### [Work instructions]
Produce the full set of records below once more, exactly as they stand.

* * * * * * *

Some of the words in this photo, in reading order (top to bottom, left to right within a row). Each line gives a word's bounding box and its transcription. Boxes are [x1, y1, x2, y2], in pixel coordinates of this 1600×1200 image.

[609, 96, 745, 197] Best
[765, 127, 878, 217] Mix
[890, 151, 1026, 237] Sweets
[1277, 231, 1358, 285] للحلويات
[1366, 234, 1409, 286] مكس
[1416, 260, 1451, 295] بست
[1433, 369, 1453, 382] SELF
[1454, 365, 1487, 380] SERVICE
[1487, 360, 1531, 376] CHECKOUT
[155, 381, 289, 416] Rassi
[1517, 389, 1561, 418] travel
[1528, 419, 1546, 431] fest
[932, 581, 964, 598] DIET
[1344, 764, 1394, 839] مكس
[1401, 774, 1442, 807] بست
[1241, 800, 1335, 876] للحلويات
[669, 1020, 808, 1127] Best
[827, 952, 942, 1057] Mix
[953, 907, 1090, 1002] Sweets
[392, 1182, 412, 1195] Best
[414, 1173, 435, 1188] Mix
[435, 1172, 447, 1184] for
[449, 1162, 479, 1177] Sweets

* * * * * * *

### [Result of this task]
Some of the words in this photo, in reading order (top to bottom, left to right within a row). Each line gives a word's bounding box and its transcription. Boxes are [x1, y1, x2, y2], in pixel coordinates of this 1600×1200 image.

[609, 96, 745, 197] Best
[765, 127, 878, 217] Mix
[890, 151, 1026, 237] Sweets
[1277, 231, 1358, 285] للحلويات
[1366, 234, 1409, 286] مكس
[1416, 260, 1451, 295] بست
[1433, 369, 1453, 382] SELF
[1454, 365, 1487, 380] SERVICE
[1487, 360, 1531, 376] CHECKOUT
[155, 381, 289, 416] Rassi
[1517, 389, 1561, 418] travel
[1528, 419, 1546, 431] fest
[932, 581, 964, 598] DIET
[1344, 764, 1394, 839] مكس
[1401, 774, 1442, 807] بست
[1241, 800, 1335, 876] للحلويات
[669, 1020, 808, 1127] Best
[827, 952, 942, 1057] Mix
[953, 907, 1090, 1002] Sweets
[392, 1182, 412, 1195] Best
[414, 1173, 435, 1188] Mix
[435, 1172, 447, 1184] for
[449, 1162, 479, 1177] Sweets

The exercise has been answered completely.